Image-backed grounding data
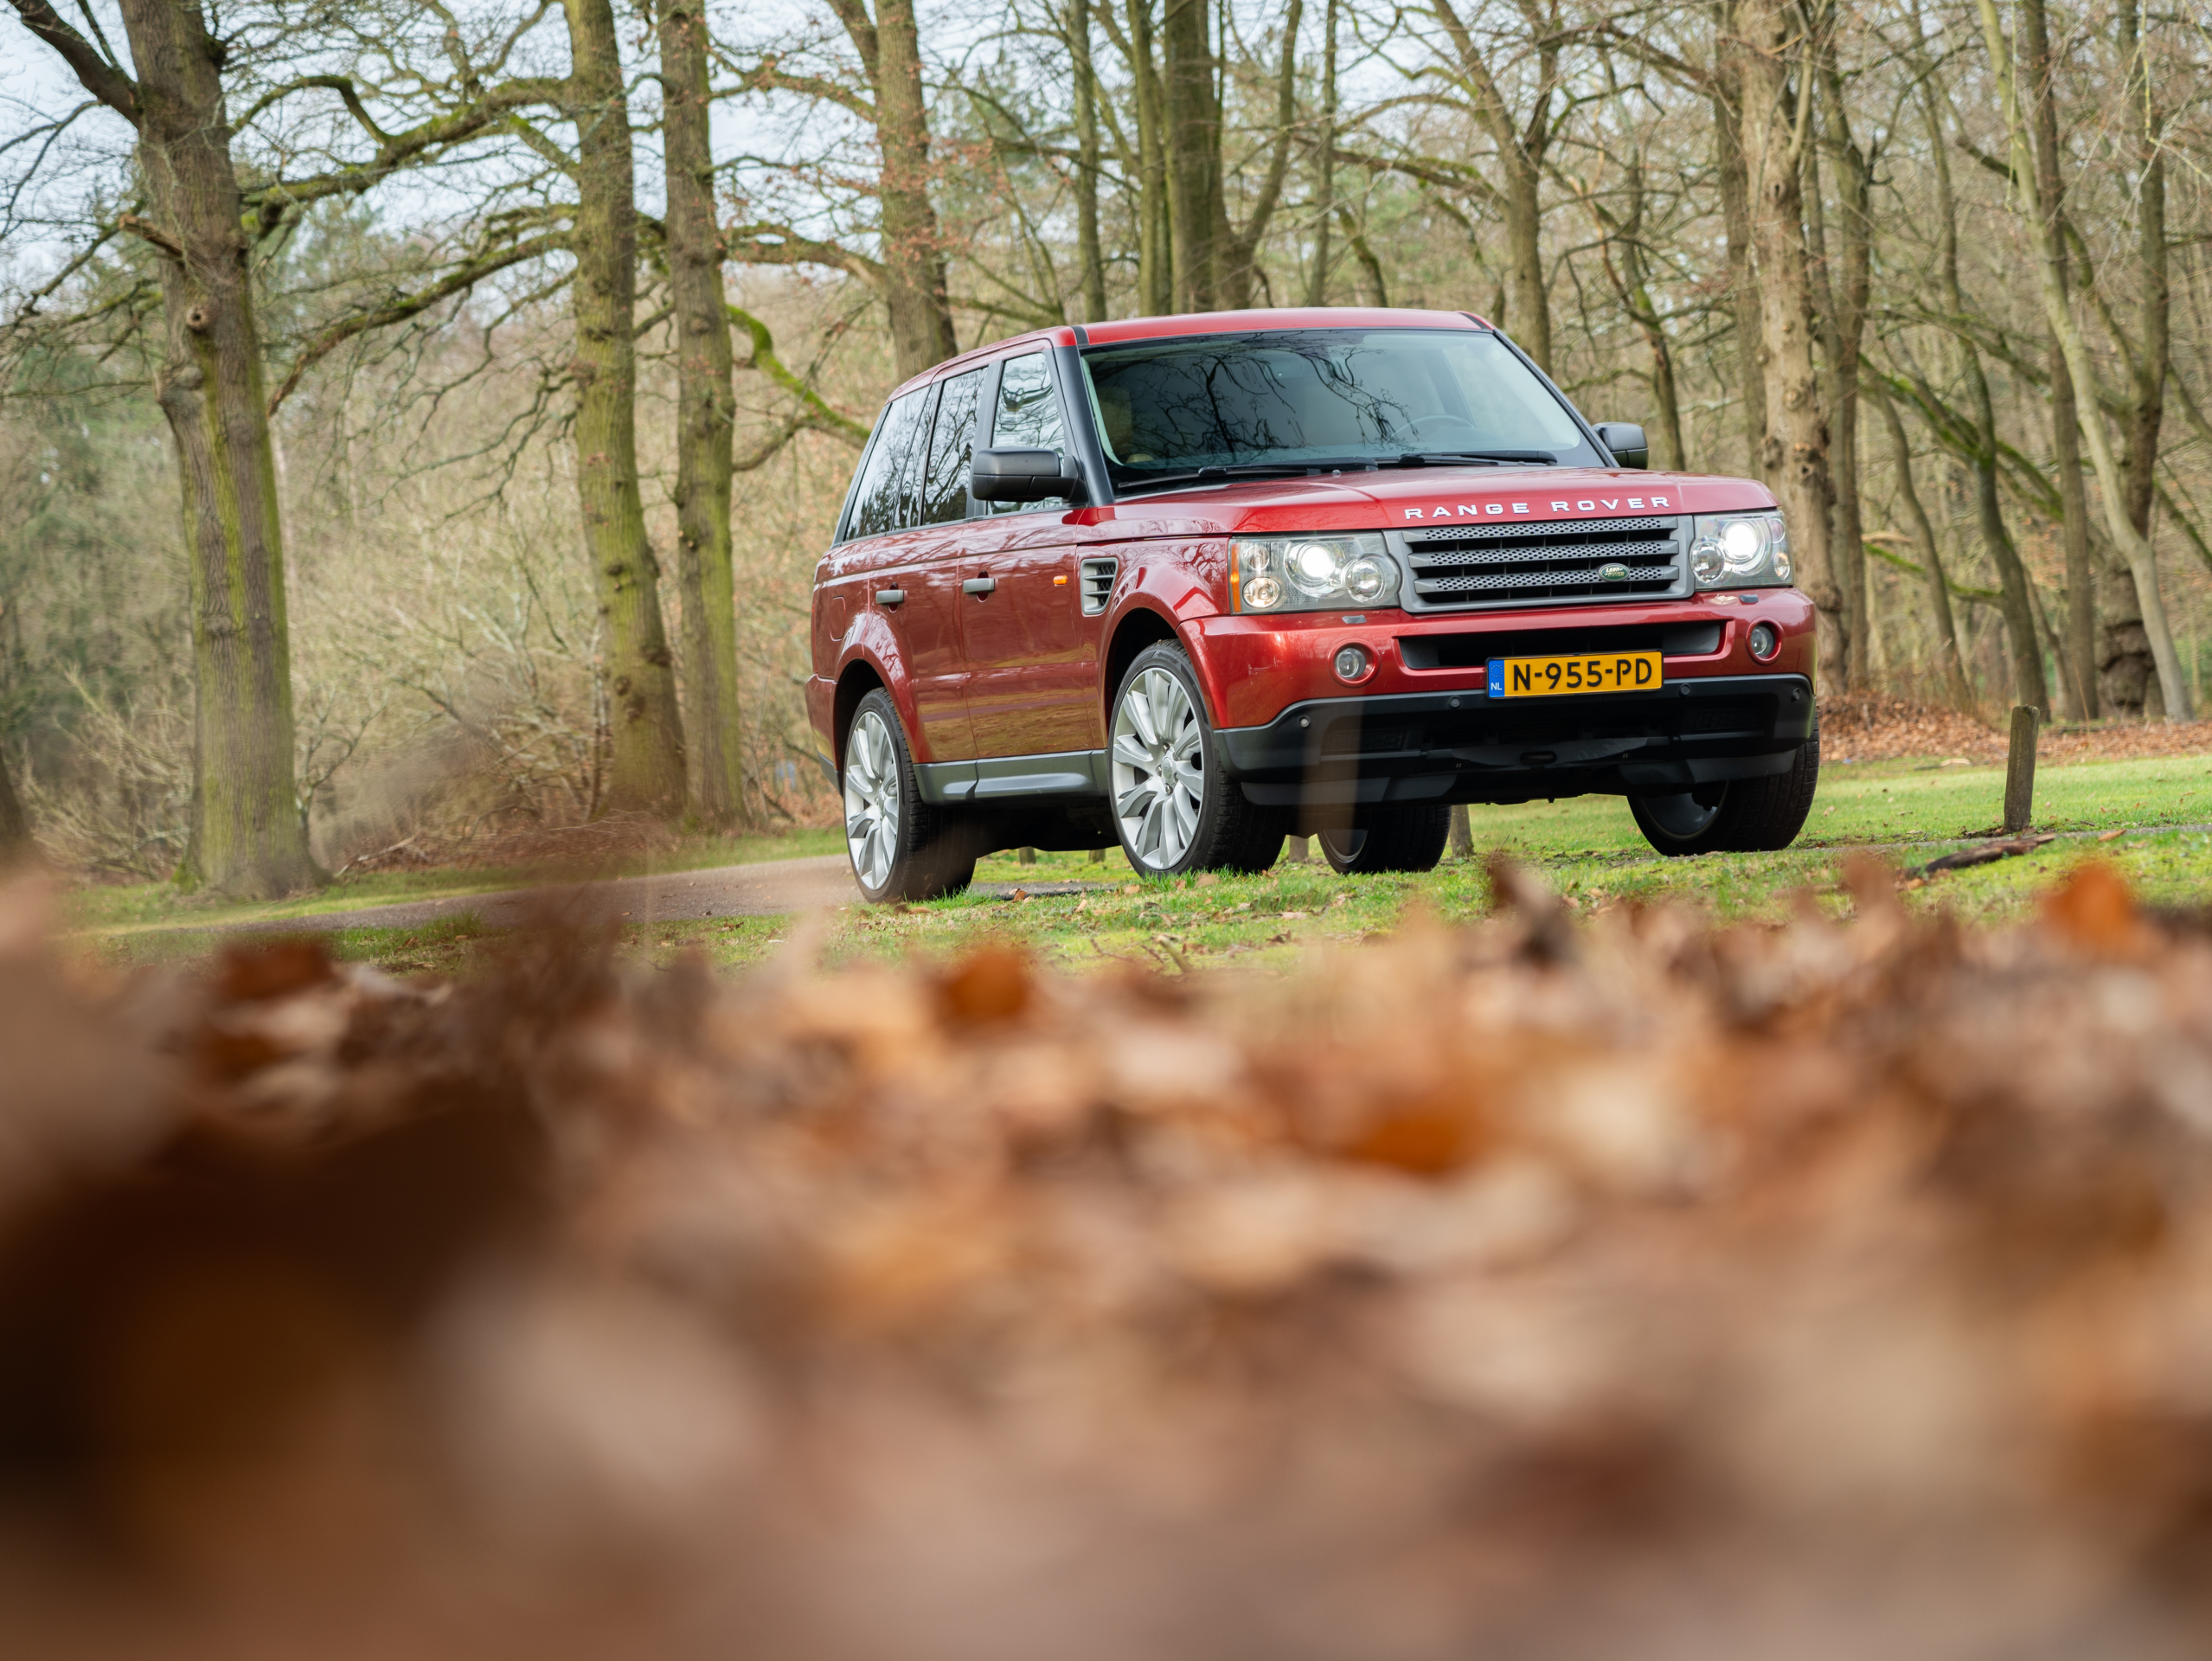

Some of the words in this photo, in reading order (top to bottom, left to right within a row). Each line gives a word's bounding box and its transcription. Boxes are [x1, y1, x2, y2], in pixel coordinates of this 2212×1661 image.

[1404, 503, 1529, 520] RANGE
[1550, 497, 1670, 512] ROVER
[1513, 658, 1652, 690] N-955-PD
[1491, 682, 1503, 690] NL

_Problem to solve_
Print the data again, word for word, without any pictures.

_Completed exercise_
Some of the words in this photo, in reading order (top to bottom, left to right within a row). Each line gives a word's bounding box and its transcription. Boxes are [x1, y1, x2, y2], in pixel coordinates of this 2212×1661 image.

[1404, 503, 1529, 520] RANGE
[1550, 497, 1670, 512] ROVER
[1513, 658, 1652, 690] N-955-PD
[1491, 682, 1503, 690] NL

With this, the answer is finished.